How exactly does this workaround degrade service for DeVault's Go users? I'm not saying it doesn't; I'm saying nobody has given a simple explanation of what the impact would actually be, except for some people who have given clearly false explanations.
It's OK to just not know, but if you don't know, it's weird to have strong opinions about it.
Is that an answer to some other question I asked? It doesn't seem to be responsive to what I just wrote.
I feel like what I'm sticking up for here is the practice of software development. Building an automated system that generates unexpectedly unwelcome load on someone else's service is... not exactly front-page news? It happens basically all the time? The idea that because the Go team is sponsored by Google, nothing like this should ever happen seems deeply unrealistic. "We can push a button to make this stop happening; the tradeoff is that other hosting services that don't care about this load might currently have fresher cache entries [whatever that means]" seems like a perfectly cromulent response.

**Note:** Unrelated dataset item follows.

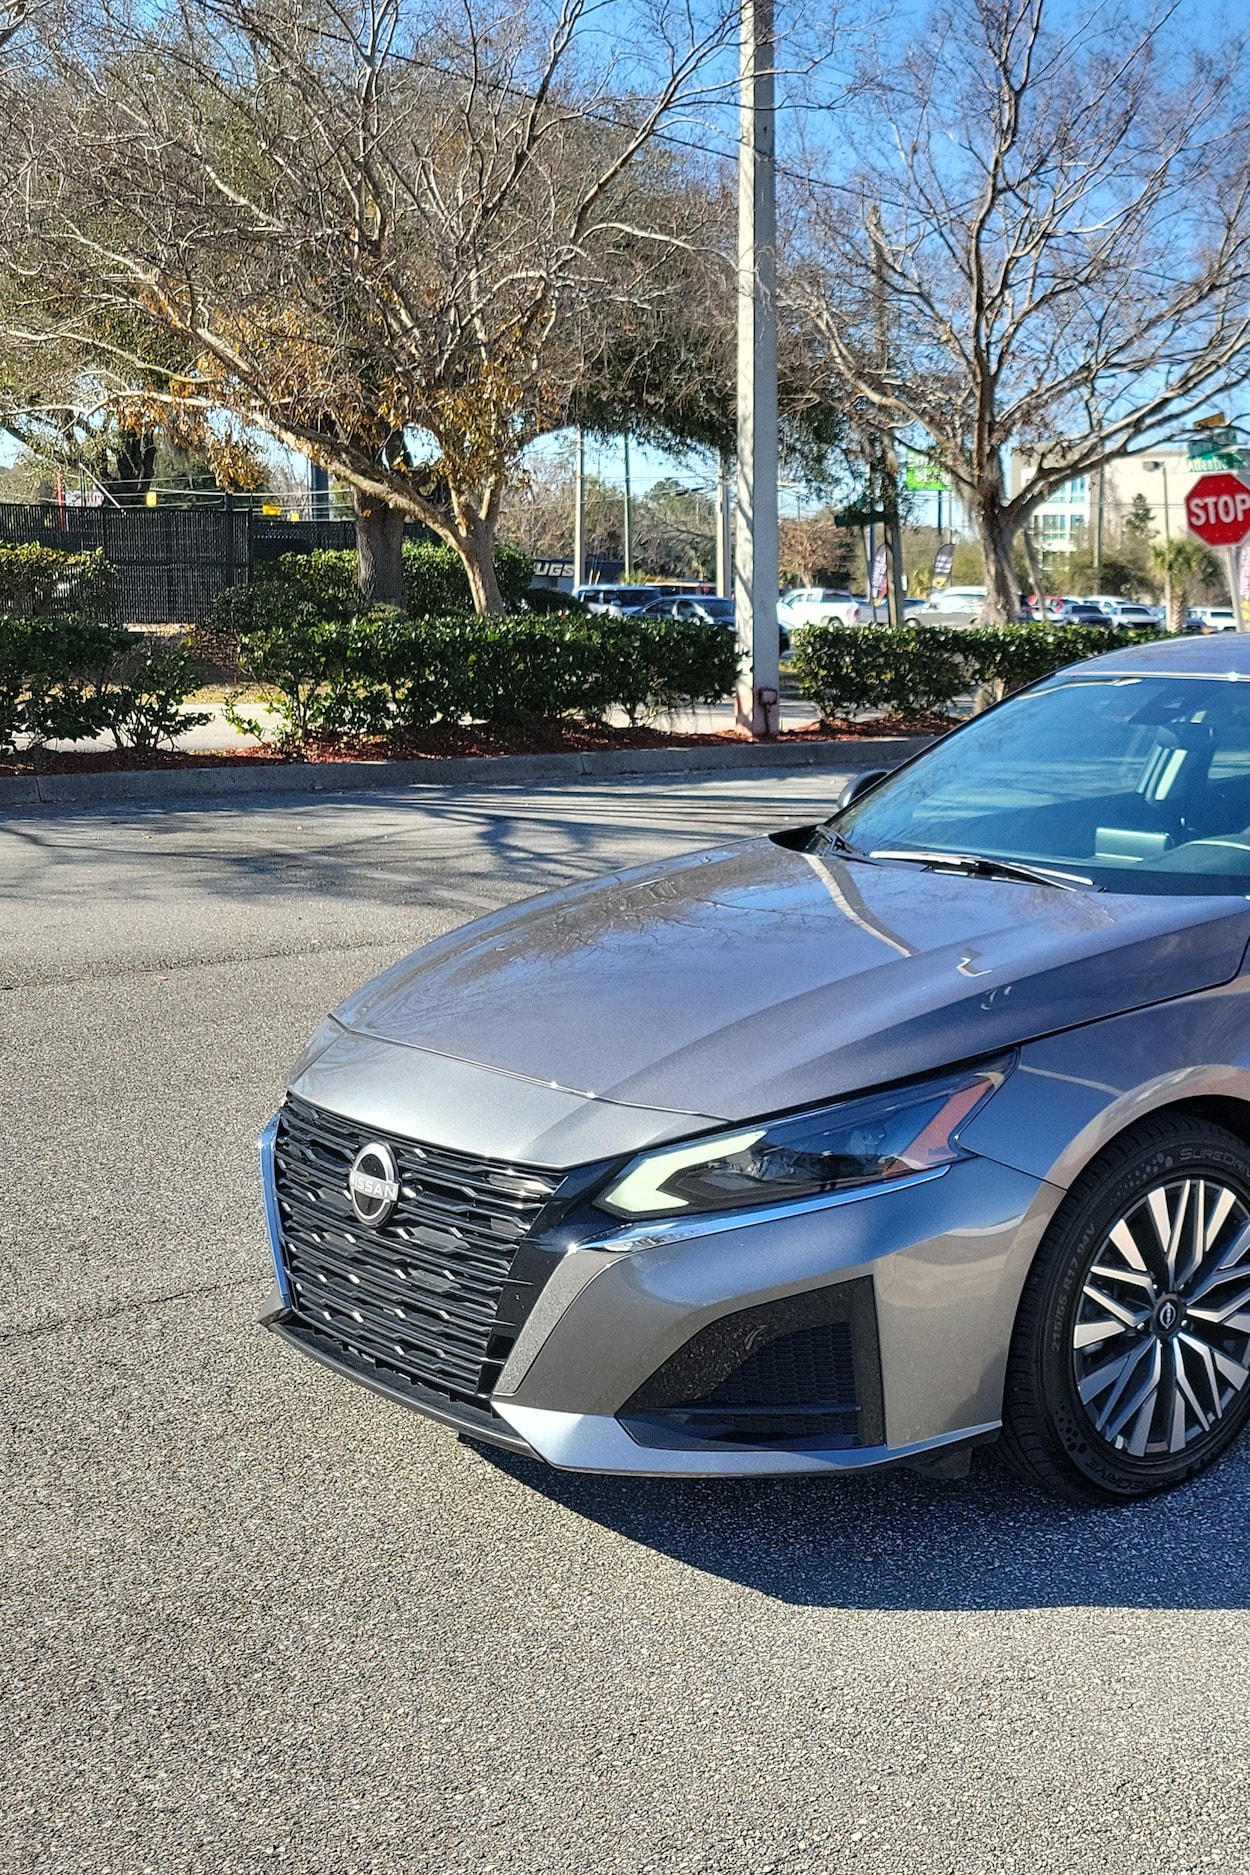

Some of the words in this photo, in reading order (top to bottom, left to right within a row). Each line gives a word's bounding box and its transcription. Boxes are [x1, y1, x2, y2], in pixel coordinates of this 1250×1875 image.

He should just tell them to push the button. If you think he shouldn't, you should be able to say why.
I do have a mild rooting interest here: I think the Go module proxy is pretty neat, and does something interesting for the security of the ecosystem. DeVault disagrees. That's fine, disagreement keeps things interesting.

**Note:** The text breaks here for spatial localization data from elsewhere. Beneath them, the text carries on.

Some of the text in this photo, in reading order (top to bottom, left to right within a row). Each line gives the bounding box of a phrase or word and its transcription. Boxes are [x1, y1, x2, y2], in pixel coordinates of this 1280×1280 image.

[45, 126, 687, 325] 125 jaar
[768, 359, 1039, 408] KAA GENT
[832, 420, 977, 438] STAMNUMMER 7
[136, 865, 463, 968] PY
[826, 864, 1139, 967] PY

> He should just tell them to push the button. If you think he shouldn't, you should be able to say why.
Accepting that Drew should get them to just push the button is accepting that it is the responsibility of each victim individually to cope with the abusive load being sent their way by engaging directly with their abuser. Rather than the sender, who is truly the one responsible, fixing it for every target by reducing their polling at source.

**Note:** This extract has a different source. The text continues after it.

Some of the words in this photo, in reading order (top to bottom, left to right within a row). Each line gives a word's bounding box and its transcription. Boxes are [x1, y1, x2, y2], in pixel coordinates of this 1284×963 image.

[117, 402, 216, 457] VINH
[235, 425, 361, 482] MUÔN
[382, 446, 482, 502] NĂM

I don't understand how this logic is meant to hold. The behavior can be of enough value to justify it where the cost to source hosts is low, but not of enough value to justify it for all hosts. Which is where we are now.
It feels like some comments here are trying to reconstruct what happened axiomatically purely from comments on the thread, without any empirical input from, like, how the Go module proxy actually works, and ending up in weird places as a result.
It's OK to just not know, but if you don't know, it's weird to have strong opinions about it.